The UK's hospitality sector supply chain is facing devastation with 324,000 jobs at risk unless businesses receive immediate financial support from the government, according to new research.
UKHospitality's supplier alliance research highlighted the impact of the Covid crisis on the hospitality supply chain and the lack of financial support that has been received by businesses.
A survey found one in five jobs in the supplier workforce have already been lost, with the sector's workforce at just 82% of its February 2020 level. One in three businesses have received no government grants or loans and, without support, two in five businesses will have to close, with one in five facing insolvency with a possible 324,000 redundancies.

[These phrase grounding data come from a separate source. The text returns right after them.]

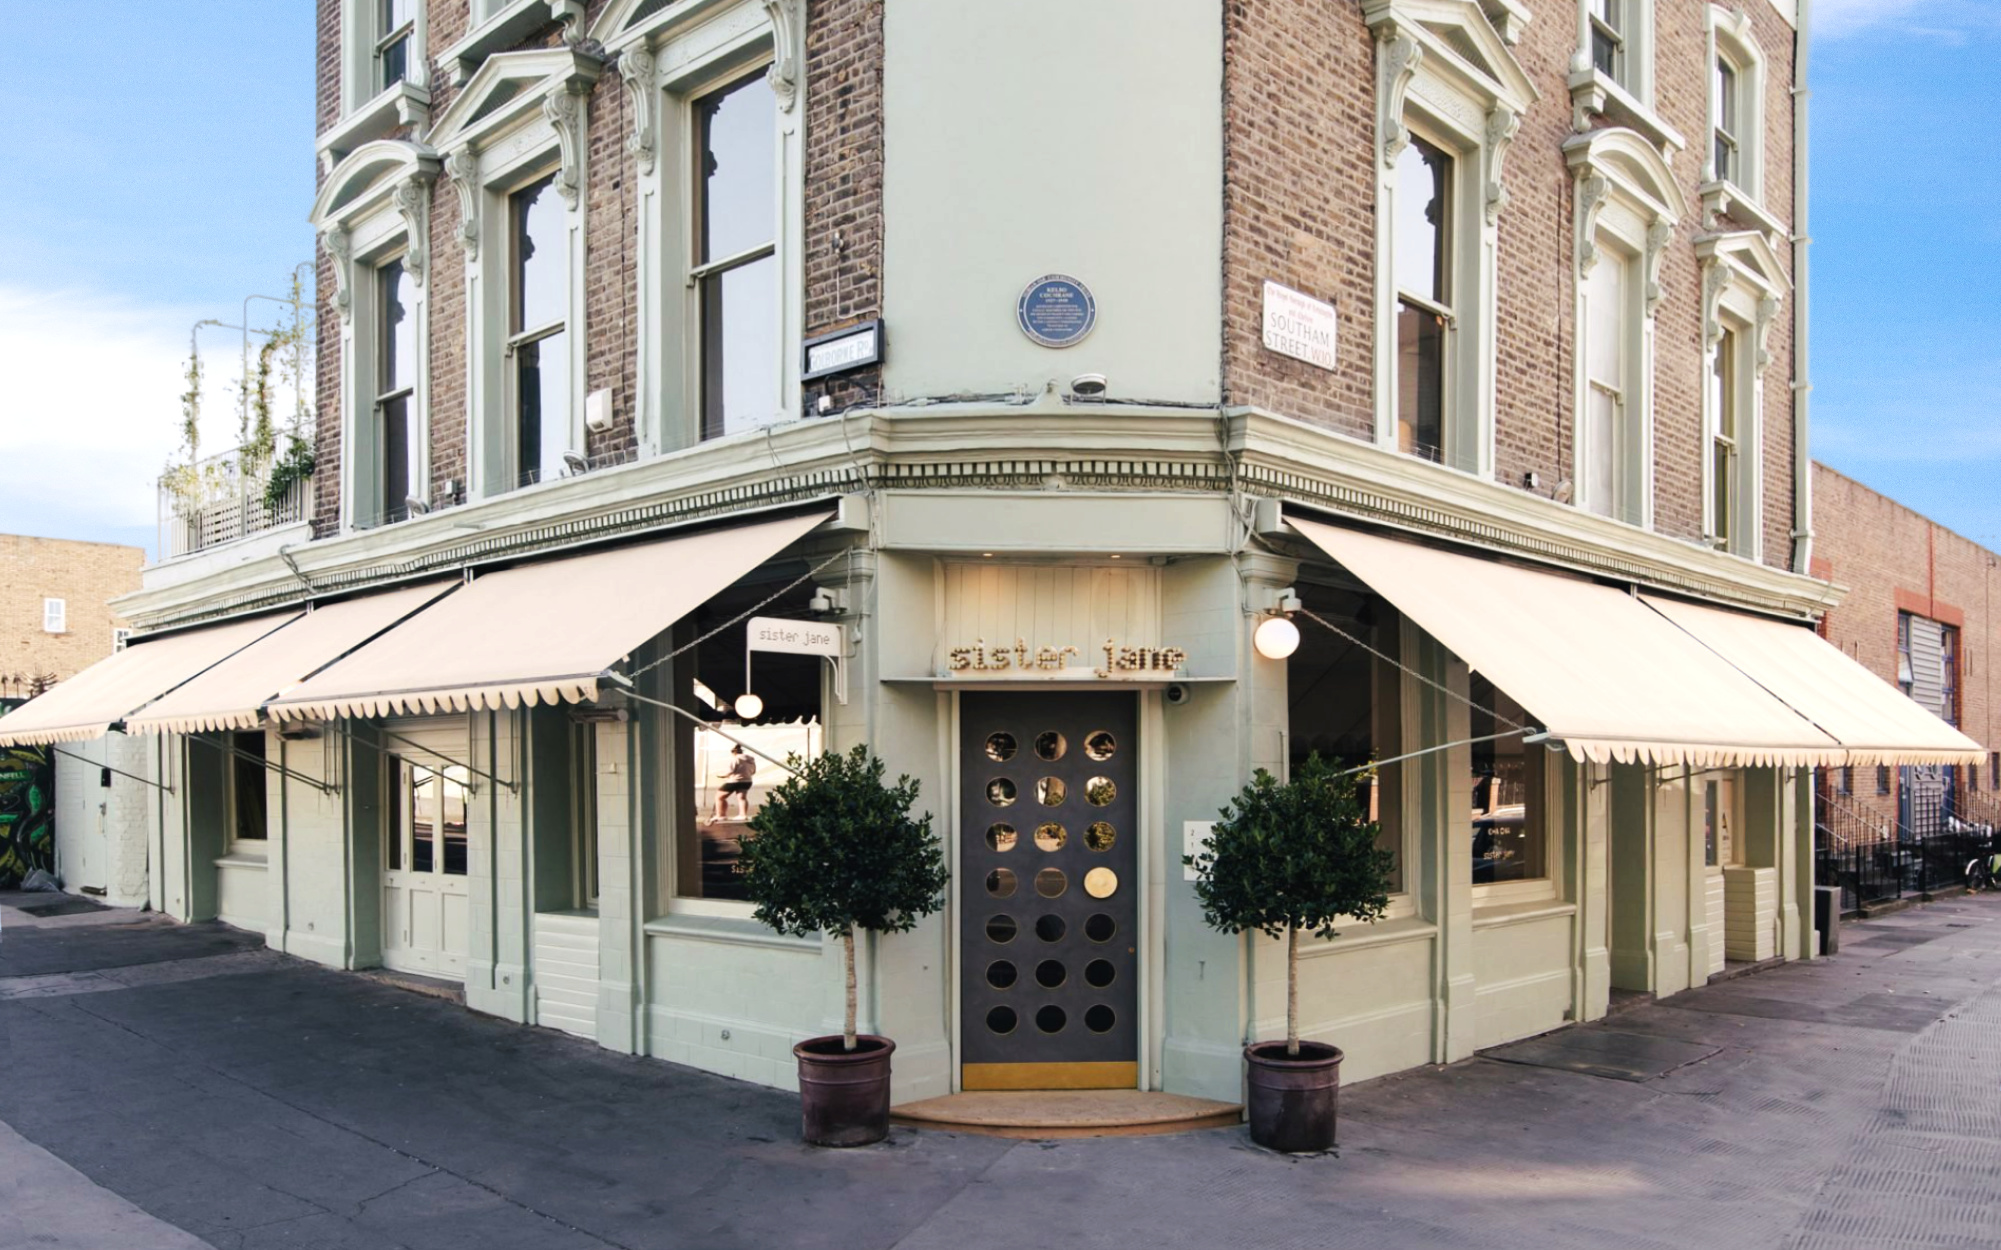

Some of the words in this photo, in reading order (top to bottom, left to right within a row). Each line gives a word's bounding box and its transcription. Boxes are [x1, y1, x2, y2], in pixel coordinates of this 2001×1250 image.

[1270, 312, 1329, 347] SOUTHAM
[759, 627, 799, 643] sister
[802, 630, 831, 646] jane
[949, 637, 1080, 671] sister
[1094, 637, 1187, 678] jane

Hospitality venues will need to return to 59% of normal trading levels to make supplier services viable.
UKHospitality has called on the government to use the forthcoming Budget to ensure that supplier businesses receive the necessary financial support. This includes a meaningful, national grant fund for the hospitality supply chain to allow viable businesses to invest in goods and services critical to a successful restart; and a government-backed invoice factoring scheme to free up funds for investment and mitigate some of the risk of trading through the restart.
UKHospitality chief executive Kate Nicholls said: "It cannot have escaped many people over the past year that hospitality businesses have been completely devastated by the Covid crisis. Much less visible, but by no means less terrible, has been the destruction heaped upon those businesses that supply restaurants, pubs, hotels and the entirety of hospitality…
"The totality of hospitality is dependent on its supply chain. If supplier businesses fail, then the entire sector grinds to a halt and we are at risk of the whole thing collapsing. We are hopeful that hospitality businesses can lead the recovery of the UK's economy this year. That cannot happen if businesses are not supplied to do the job. The supply chain is everything and it must be supported."